Barack Obama lost his preceptor Abner Mikva, who deceased 10 years before his centenary celebration.
Mikva was a representative of the Democratic Party from Illinois. He died this Monday in Chicago. Mikva knew Obama for many years. He was almost the first person who saw future President’s potential in the public service sphere. Mikva also could become Obama’s first employer. While the President, who was an alumnus of the law school then, didn’t take the post offered by Mikva, he acknowledged an importance of such step.

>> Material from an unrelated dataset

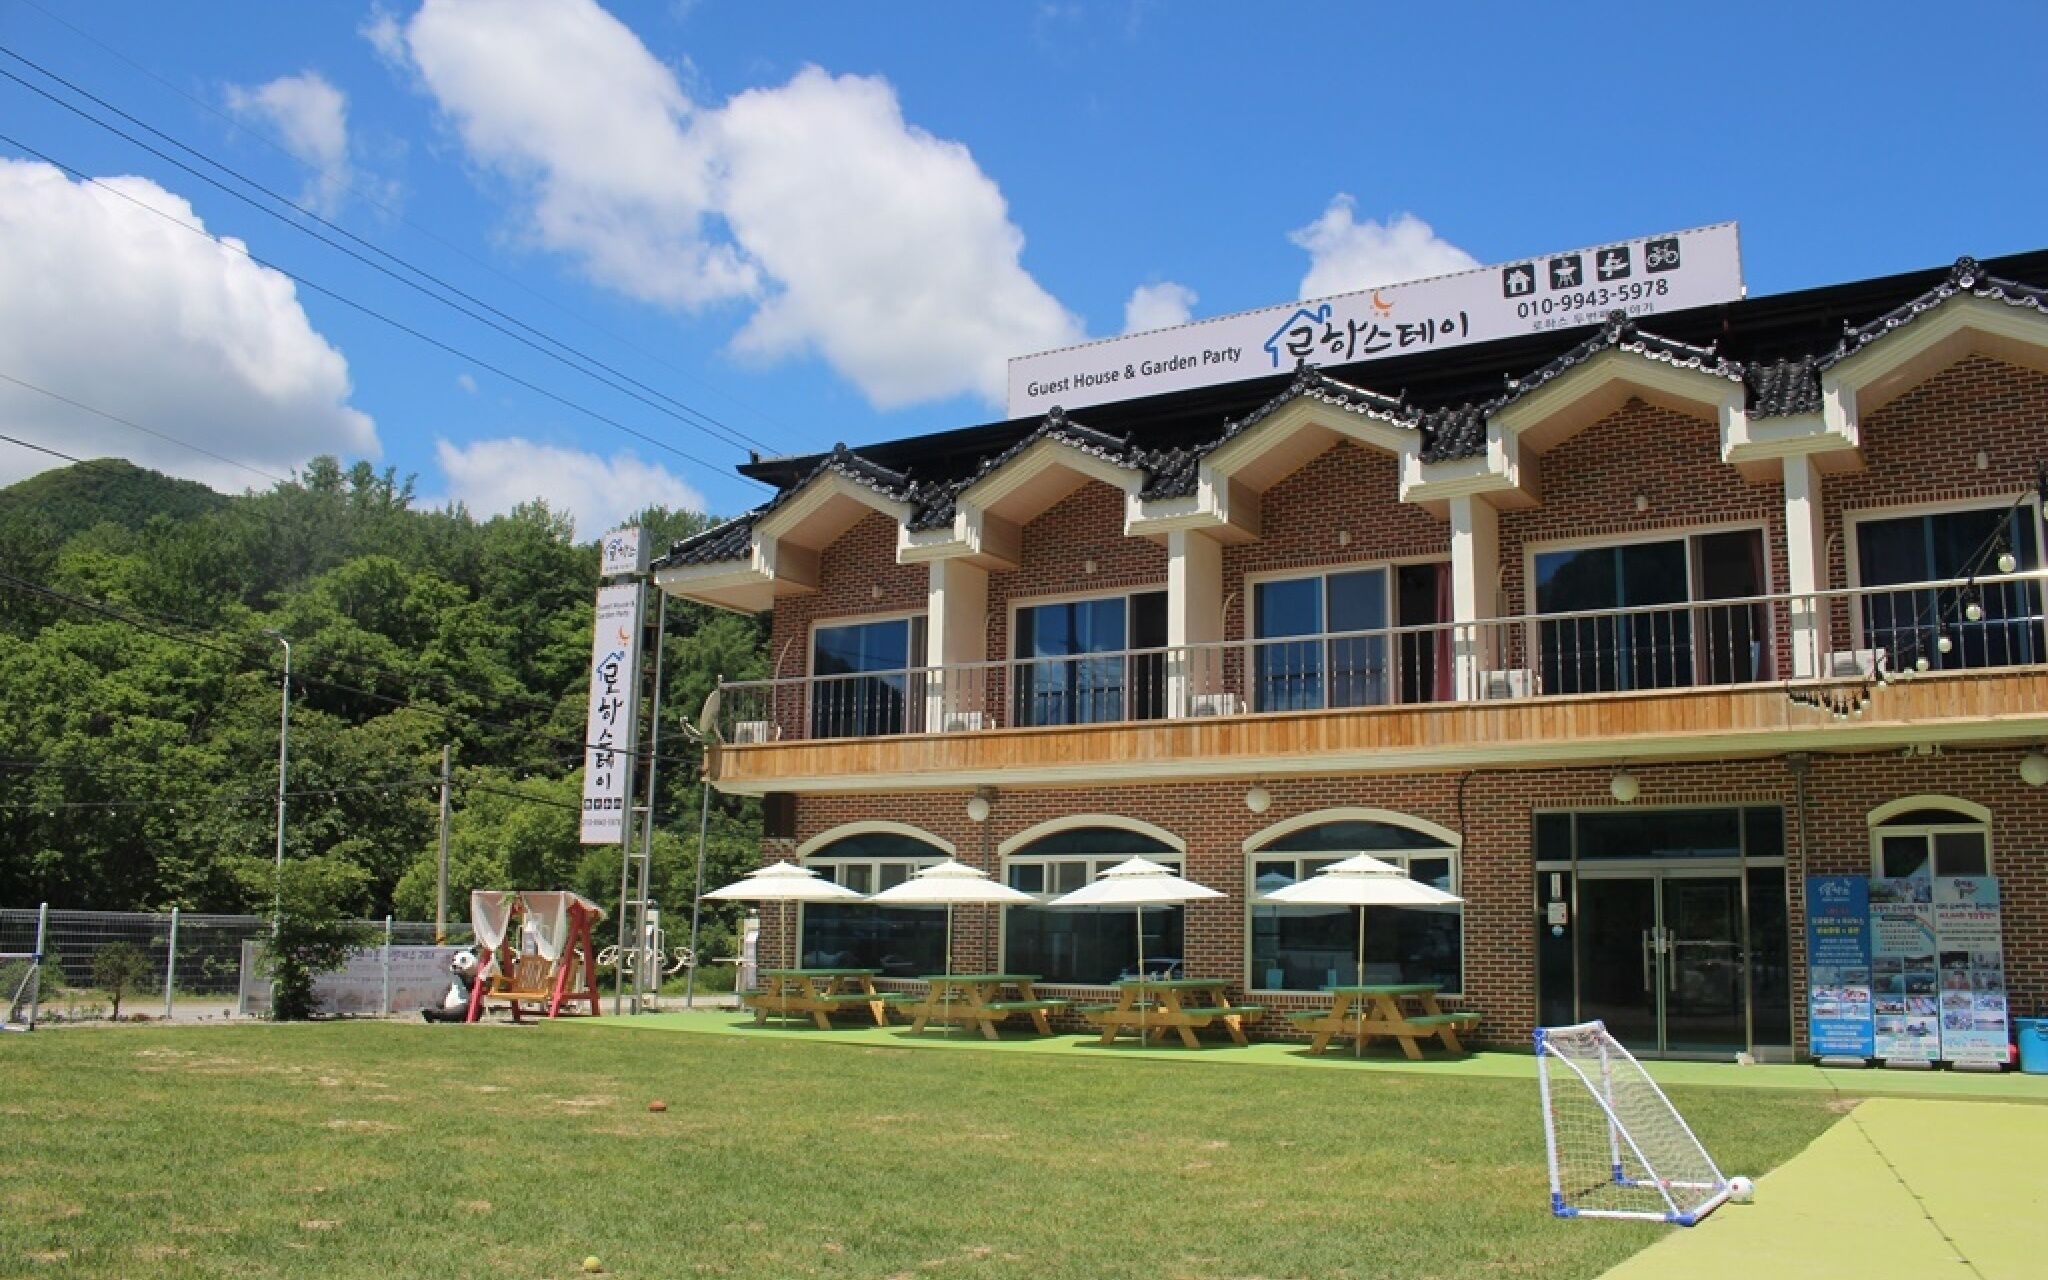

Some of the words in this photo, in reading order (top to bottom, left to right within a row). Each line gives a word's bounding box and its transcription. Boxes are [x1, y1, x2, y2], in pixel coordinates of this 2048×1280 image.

“No matter how far we go in life, we owe a profound debt of gratitude to those who gave us those first, firm pushes at the start,” he said in a statement. “For me, one of those people was Ab Mikva.

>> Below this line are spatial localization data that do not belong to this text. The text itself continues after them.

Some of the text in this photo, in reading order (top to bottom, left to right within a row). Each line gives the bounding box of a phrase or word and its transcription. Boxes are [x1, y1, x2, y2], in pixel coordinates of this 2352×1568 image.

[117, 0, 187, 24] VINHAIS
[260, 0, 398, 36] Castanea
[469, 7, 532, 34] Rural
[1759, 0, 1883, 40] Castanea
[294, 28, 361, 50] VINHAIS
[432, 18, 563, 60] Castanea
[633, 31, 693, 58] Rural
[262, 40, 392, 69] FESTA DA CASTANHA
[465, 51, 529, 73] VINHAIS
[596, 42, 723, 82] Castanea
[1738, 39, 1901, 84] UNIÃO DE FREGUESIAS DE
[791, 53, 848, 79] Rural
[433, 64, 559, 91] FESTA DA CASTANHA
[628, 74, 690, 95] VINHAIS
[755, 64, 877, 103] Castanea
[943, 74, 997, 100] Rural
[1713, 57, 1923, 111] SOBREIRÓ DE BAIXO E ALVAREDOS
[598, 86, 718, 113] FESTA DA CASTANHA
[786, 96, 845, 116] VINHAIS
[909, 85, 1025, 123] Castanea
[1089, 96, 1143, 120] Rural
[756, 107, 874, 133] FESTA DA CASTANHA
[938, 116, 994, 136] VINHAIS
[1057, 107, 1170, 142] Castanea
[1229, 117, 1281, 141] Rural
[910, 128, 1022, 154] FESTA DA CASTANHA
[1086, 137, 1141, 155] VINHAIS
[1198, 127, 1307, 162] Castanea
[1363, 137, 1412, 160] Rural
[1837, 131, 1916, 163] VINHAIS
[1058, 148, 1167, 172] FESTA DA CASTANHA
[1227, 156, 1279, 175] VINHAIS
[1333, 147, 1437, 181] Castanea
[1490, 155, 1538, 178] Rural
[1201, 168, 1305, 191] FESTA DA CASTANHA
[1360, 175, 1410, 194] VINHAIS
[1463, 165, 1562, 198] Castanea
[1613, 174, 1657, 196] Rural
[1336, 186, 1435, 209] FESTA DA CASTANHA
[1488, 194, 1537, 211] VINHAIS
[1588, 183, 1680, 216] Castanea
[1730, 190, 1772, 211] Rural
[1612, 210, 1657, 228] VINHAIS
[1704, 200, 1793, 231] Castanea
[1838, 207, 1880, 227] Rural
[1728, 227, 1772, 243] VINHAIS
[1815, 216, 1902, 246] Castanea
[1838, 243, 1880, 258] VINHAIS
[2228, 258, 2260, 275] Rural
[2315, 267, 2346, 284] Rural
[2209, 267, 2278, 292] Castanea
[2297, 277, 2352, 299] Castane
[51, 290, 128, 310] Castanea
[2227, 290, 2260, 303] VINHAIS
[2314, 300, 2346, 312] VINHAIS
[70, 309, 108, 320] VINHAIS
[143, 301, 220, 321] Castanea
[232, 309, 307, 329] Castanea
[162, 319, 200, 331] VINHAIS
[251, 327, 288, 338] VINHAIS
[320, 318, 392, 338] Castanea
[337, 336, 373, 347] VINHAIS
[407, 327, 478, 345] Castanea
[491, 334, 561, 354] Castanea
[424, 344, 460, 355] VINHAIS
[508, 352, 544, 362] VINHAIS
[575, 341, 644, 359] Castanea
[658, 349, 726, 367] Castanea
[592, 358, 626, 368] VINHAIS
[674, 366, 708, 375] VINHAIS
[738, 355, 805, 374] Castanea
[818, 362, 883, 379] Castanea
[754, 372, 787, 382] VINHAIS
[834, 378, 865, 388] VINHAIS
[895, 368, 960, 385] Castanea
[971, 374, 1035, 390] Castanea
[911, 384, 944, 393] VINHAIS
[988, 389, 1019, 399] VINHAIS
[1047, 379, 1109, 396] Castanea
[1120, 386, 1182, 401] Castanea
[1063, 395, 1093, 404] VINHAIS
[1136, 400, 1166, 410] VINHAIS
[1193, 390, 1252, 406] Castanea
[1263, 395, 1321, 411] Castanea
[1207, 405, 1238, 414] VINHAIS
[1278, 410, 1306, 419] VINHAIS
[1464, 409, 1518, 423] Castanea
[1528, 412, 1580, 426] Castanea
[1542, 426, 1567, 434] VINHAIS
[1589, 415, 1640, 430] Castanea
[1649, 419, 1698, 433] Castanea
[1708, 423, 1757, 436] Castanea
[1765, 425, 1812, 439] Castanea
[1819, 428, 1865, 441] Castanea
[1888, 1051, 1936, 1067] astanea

At the time of decease Mikva was 90 years old. He had bladder cancer that killed him after all. The man’s life ended on July 4. Some of his friends and family members see a sign of symbolism in this date of death. Mikva was a patriot and liked to act in a historic way. It was in his style to die on one of the greatest American holidays, mentioned Mikva’s son-in-law Steven Cohen.
Abner Mikva is a great example of a person who developed his success from the scratch. He was born in 1926 in a family of Ukrainian immigrants. Mikva’s father often became unemployed, and the family depended up the government allowance for many years. However, the man was able to build a career without a patronage. He got a post in the U.S. Court of Appeals and Illinois governmental establishment. Mikva worked at the White house as an advisor of Bill Clinton and, of course, was current President’s preceptor.
Barack Obama paid respect to Elie Wiesel
Another man who contacted with President Obama and other US politicians died recently and was 3 years younger than Mikva. Elie Wiesel peacefully deceased on Saturday after the long illness. Obama paid respect to this man, who survived Holocaust, won the Nobel Prize and wrote meaningful books.
“Elie Wiesel was a great moral voice of our time and a conscience for our world,” Obama wrote on Twitter. “He was also a dear friend. We will miss him deeply.”
Wiesel spent the subsequent decades fighting for human rights, never shying away from confronting leaders – in 1993, he pushed former president Bill Clinton to take action on human rights violations in the former Yugoslavia.